Re: [RFC v2 2/6] PM / Domains: prepare for devices that might register a power state

From: Marc Titinger
Date: Tue Oct 13 2015 - 06:29:59 EST


On 09/10/2015 20:22, Lina Iyer wrote:
On Fri, Oct 09 2015 at 03:39 -0600, Marc Titinger wrote:
On 08/10/2015 18:11, Lina Iyer wrote:
Hi Marc,

Thanks for rebasing on top of my latest series.

On Tue, Oct 06 2015 at 08:27 -0600, Marc Titinger wrote:
Devices may register an intermediate retention state into the domain
upon

I may agree with the usability of dynamic adding a state to the domain,
but I dont see why a device attaching to a domain should bring about a
new domain state.

Hi Lina,

thanks a lot for taking the time to look into this. The initial
discussion behind it was about to see how a device like a PMU, FPU,
cache, or a Healthcheck IP in the same power domain than CPUs, with
special retention states can be handled in a way 'unified' with CPUs.
Also I admit it is partly an attempt from us to create something
useful out of the "collision" of Axel's multiple states and your
CPUs-as-generic-power-domain-devices, hence the RFC!
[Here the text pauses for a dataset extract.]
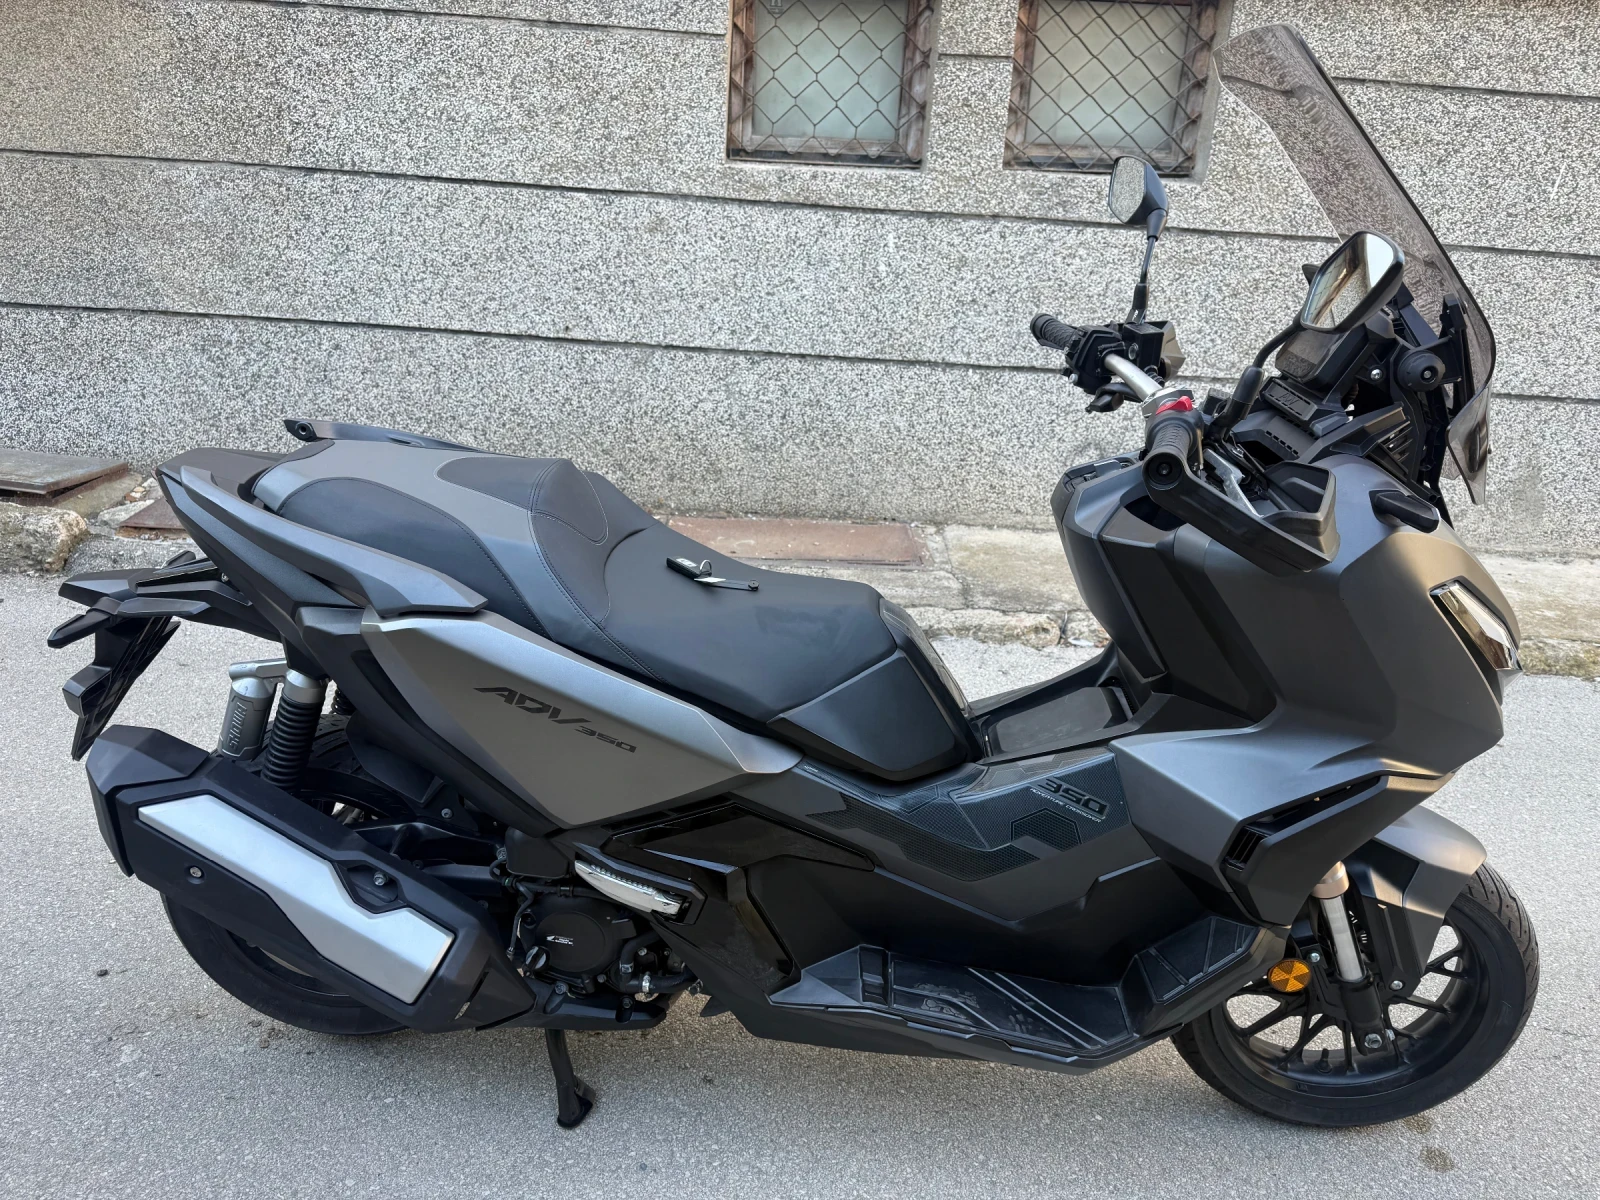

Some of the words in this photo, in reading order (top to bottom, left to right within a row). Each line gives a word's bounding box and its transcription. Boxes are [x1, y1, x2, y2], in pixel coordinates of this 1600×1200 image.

Looking at Juno for instance, she currently has a platform-initiated
mode implemented in the arm-trusted-firmware through psci as a
cpuidle-driver. the menu governor will select a possibly deep c-state,
but the last-man CPU and actual power state is known to ATF. Similarly
my idea was to have a genpd-initiated mode so to say, where the actual
power state results from the cpu-domain's governor choice based on
possible retention states, and their latency.

Okay, I must admit that my ideas are quite partial to OS-initiated PSCI
(v1.0 onwards). So you have C-States that allow domains to enter idle as
well. Fair.

A Health-check IP or Cache will not (to my current knowledge) have a
driver calling runtime_put, but may have a retention state "D1_RET"
with a off/on latency between CPU_SLEEP and CLUSTER_SLEEP, so that
CLUSTER_SLEEP may be ruled out by the governor, but D1_RET is ok given
the time slot available.
A couple of questions here.

You say there is no driver for HIP, is there a device for it atleast?
How is the CPU/Domain going to know if the HIP is running or not?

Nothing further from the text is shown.